- Opening Delimiter -
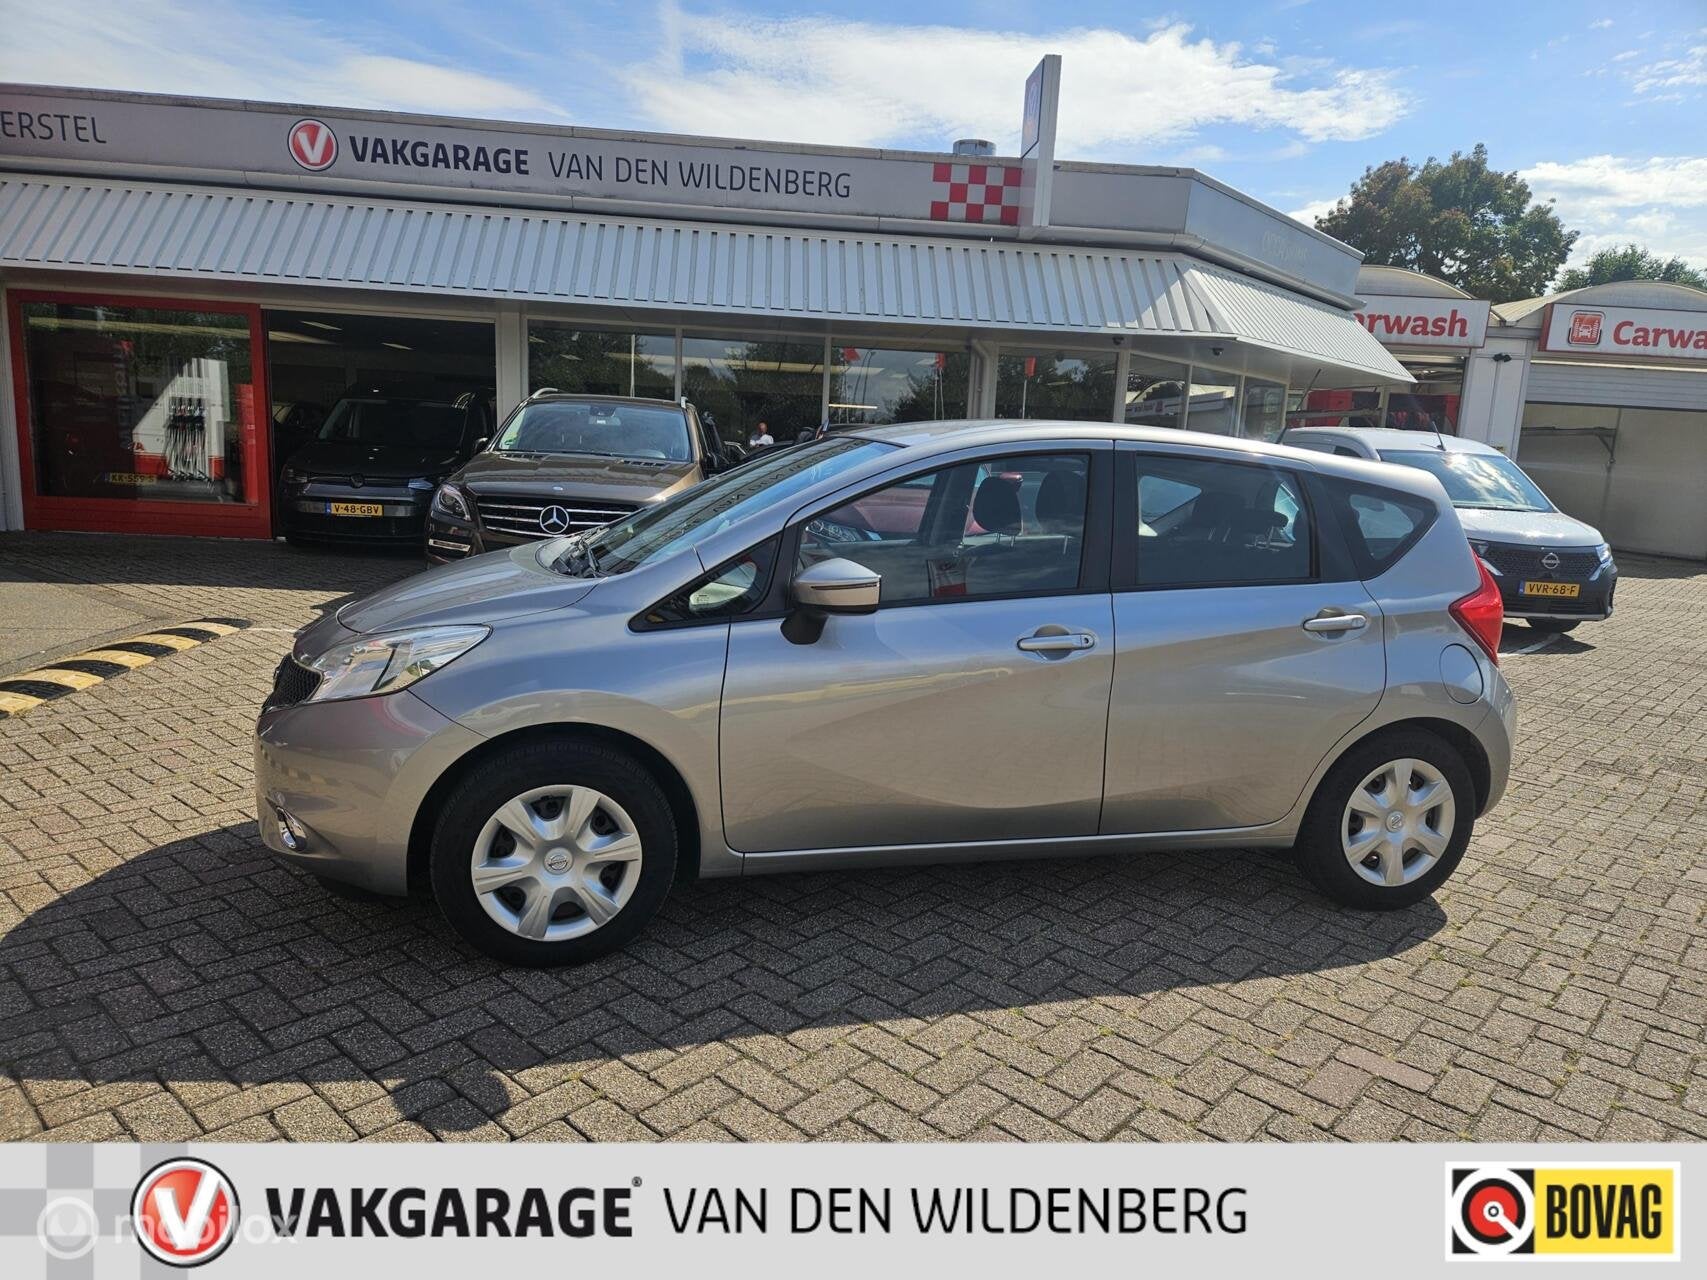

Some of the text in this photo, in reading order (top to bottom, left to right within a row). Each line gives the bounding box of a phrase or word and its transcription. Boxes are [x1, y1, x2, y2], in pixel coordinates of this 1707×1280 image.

[0, 110, 107, 144] ERSTEL
[350, 135, 851, 198] VAKGARAGE VAN DEN WILDENBERG
[334, 504, 379, 514] V-48-GBV
[1529, 583, 1577, 595] VVR-68-F
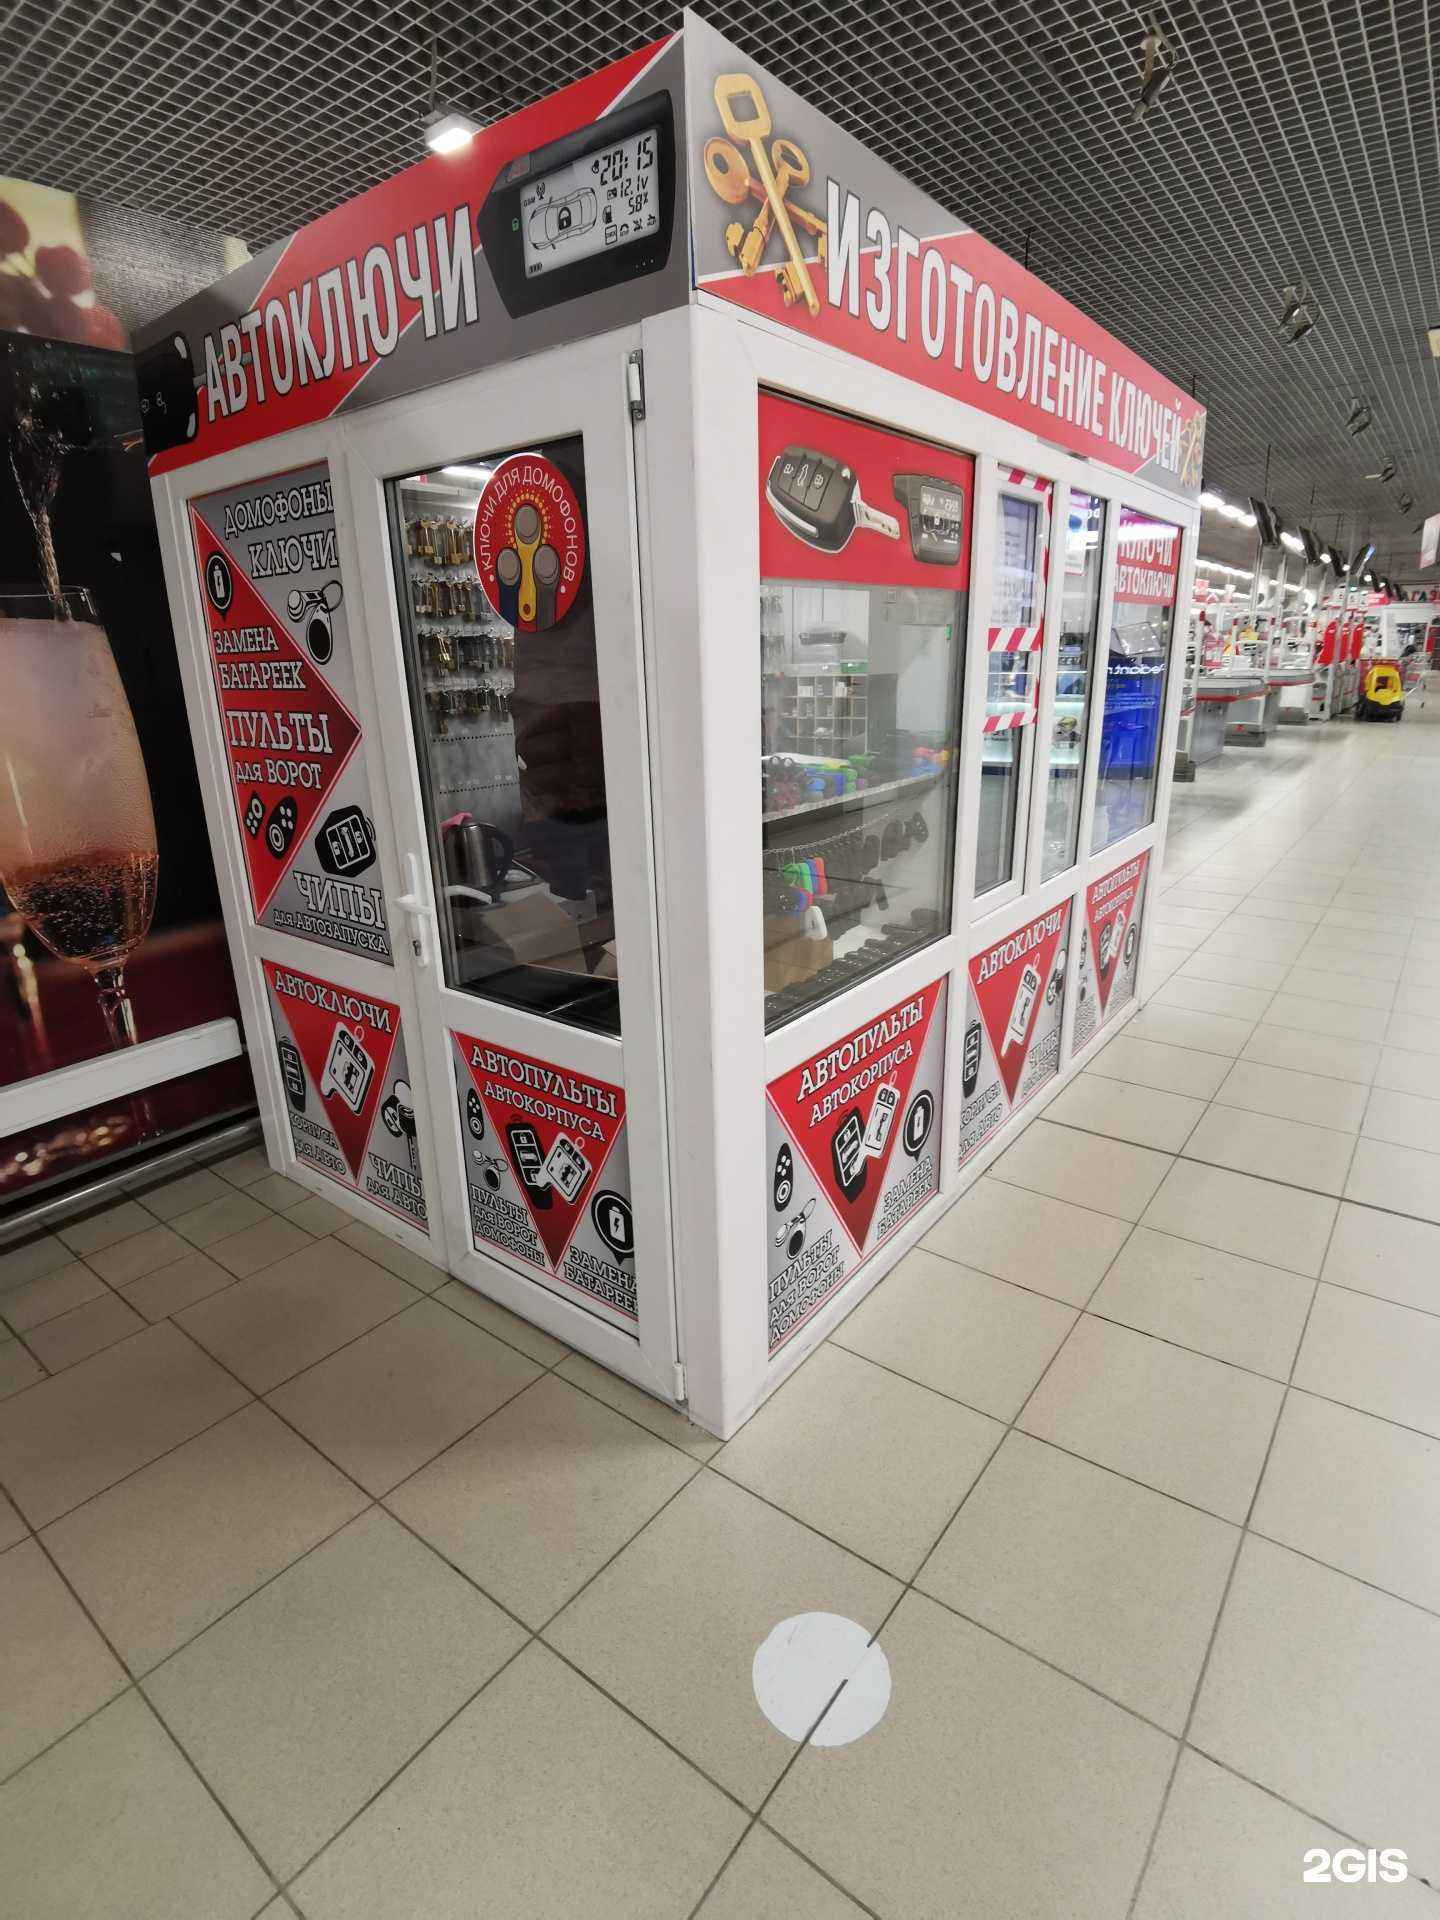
- Closing Delimiter -
__GOAL OF THE EXERCISE__:
The answer must be the entries above, printed exactly, with no pictures.

__ANSWER TO THE EXERCISE__:
Some of the text in this photo, in reading order (top to bottom, left to right within a row). Each line gives the bounding box of a phrase or word and its transcription. Boxes are [x1, y1, x2, y2], in pixel coordinates of this 1707×1280 image.

[0, 110, 107, 144] ERSTEL
[350, 135, 851, 198] VAKGARAGE VAN DEN WILDENBERG
[334, 504, 379, 514] V-48-GBV
[1529, 583, 1577, 595] VVR-68-F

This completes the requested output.